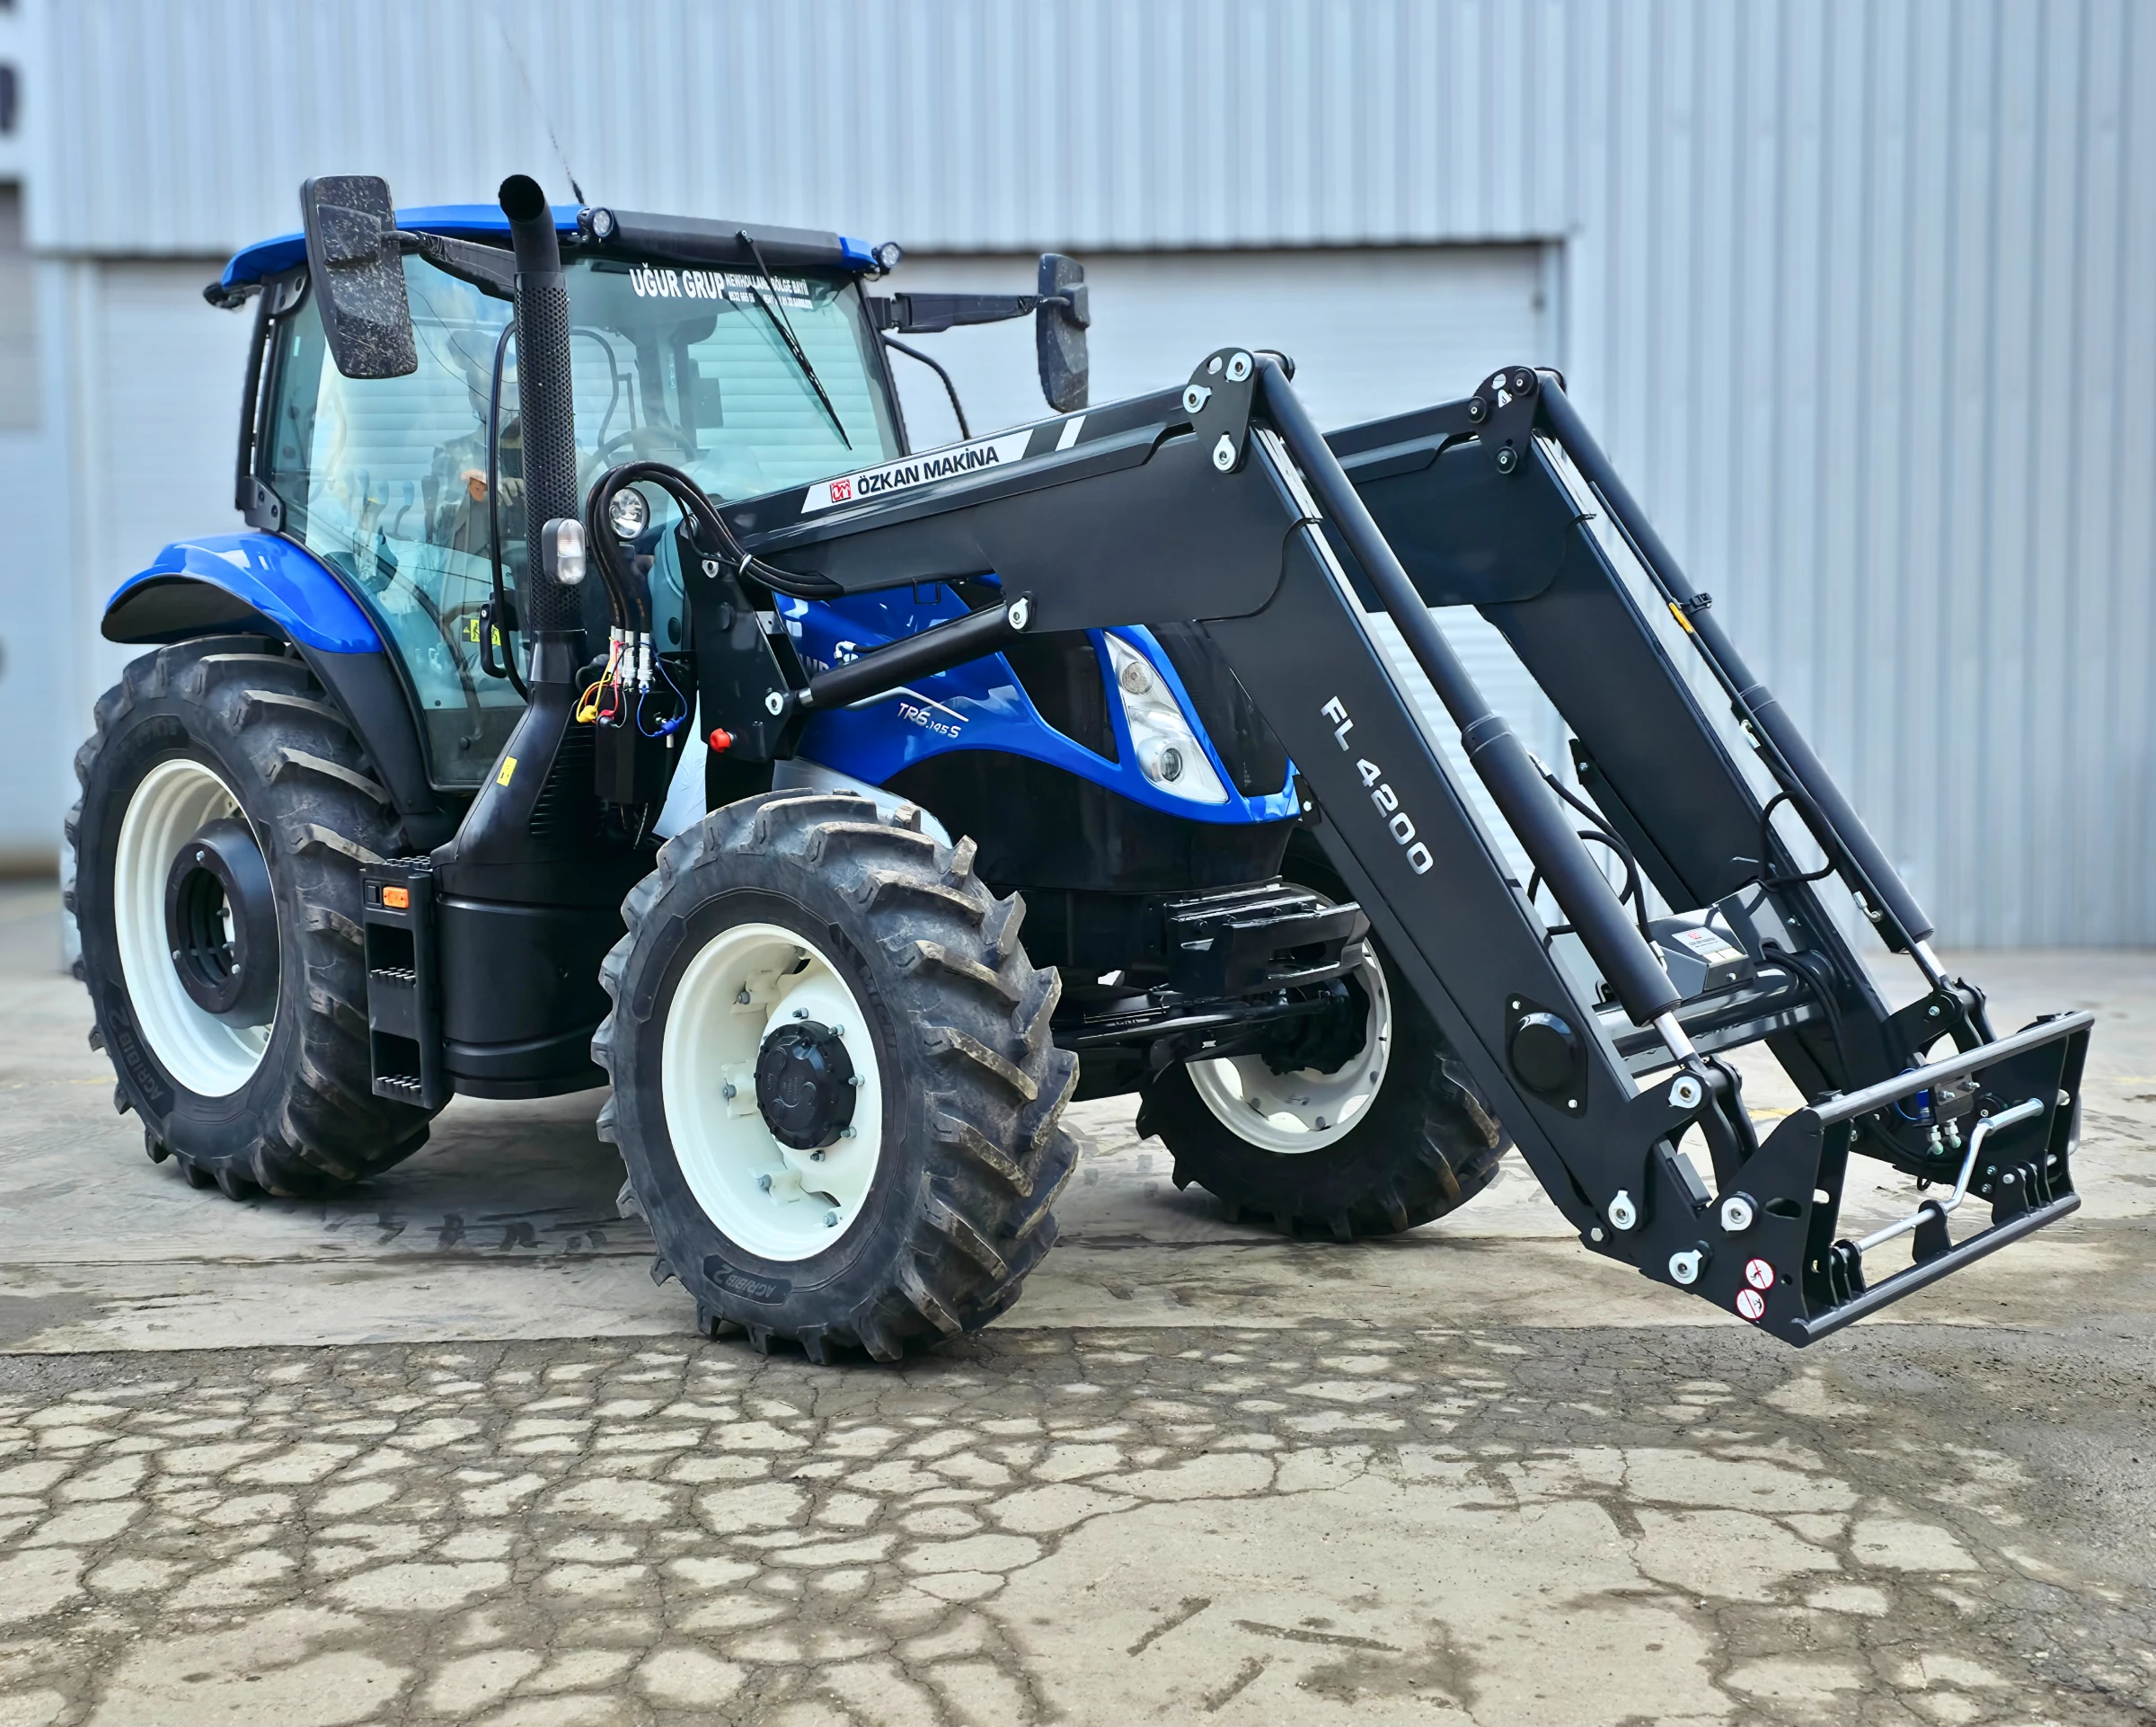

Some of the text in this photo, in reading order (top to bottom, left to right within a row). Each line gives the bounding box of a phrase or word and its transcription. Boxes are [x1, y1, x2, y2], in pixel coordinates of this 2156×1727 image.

[630, 262, 726, 299] UĞUR GRUP
[858, 447, 1000, 495] ÖZKAN MAKİNA
[1320, 695, 1434, 875] FL 4200
[713, 1263, 777, 1298] AGRIBIB 2
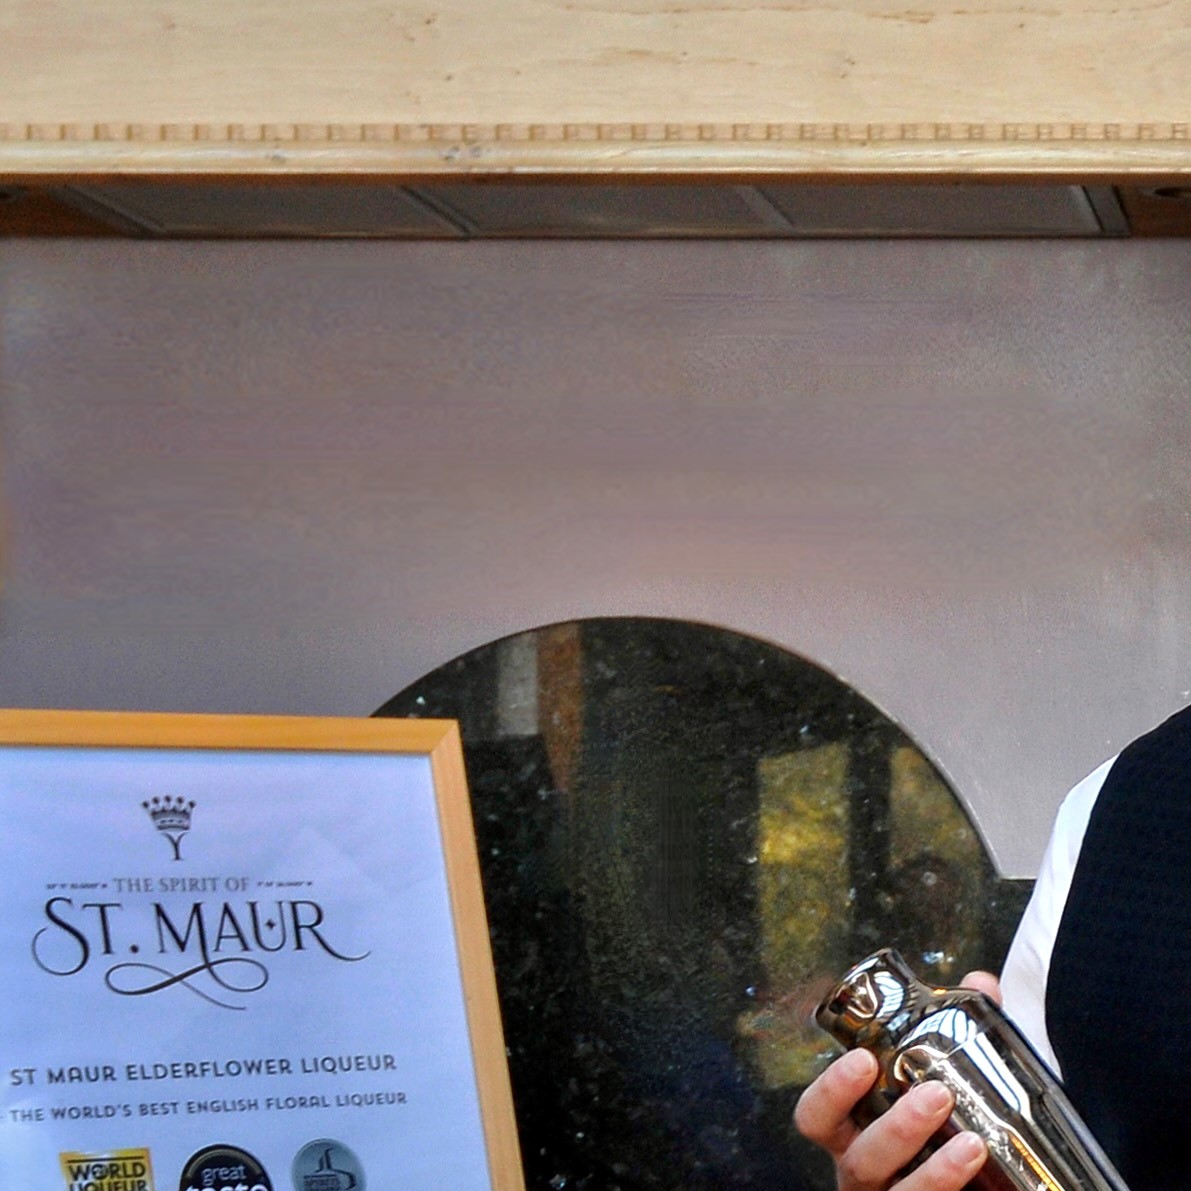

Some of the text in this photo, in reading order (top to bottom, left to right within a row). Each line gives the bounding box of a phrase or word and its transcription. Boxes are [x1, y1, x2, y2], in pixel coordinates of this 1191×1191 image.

[113, 878, 153, 893] THE
[159, 877, 219, 893] SPIRIT
[225, 877, 250, 892] OF
[31, 896, 372, 990] ST. MAUR
[10, 1054, 397, 1086] ST MAUR ELDERFLOWER LIQUEUR
[9, 1092, 408, 1123] THE WORLD'S BEST ENGLISH FLORAL LIQUEUR
[68, 1162, 146, 1181] WORLD
[202, 1163, 248, 1187] great

= = = = = = =

**Aim of the exercise**
Set down all of the material word for word, but keep each picture out.

**The completed task**
Some of the text in this photo, in reading order (top to bottom, left to right within a row). Each line gives the bounding box of a phrase or word and its transcription. Boxes are [x1, y1, x2, y2], in pixel coordinates of this 2156×1727 image.

[630, 262, 726, 299] UĞUR GRUP
[858, 447, 1000, 495] ÖZKAN MAKİNA
[1320, 695, 1434, 875] FL 4200
[713, 1263, 777, 1298] AGRIBIB 2

Some of the text in this photo, in reading order (top to bottom, left to right within a row). Each line gives the bounding box of a phrase or word and its transcription. Boxes are [x1, y1, x2, y2], in pixel coordinates of this 1191×1191 image.

[113, 878, 153, 893] THE
[159, 877, 219, 893] SPIRIT
[225, 877, 250, 892] OF
[31, 896, 372, 990] ST. MAUR
[10, 1054, 397, 1086] ST MAUR ELDERFLOWER LIQUEUR
[9, 1092, 408, 1123] THE WORLD'S BEST ENGLISH FLORAL LIQUEUR
[68, 1162, 146, 1181] WORLD
[202, 1163, 248, 1187] great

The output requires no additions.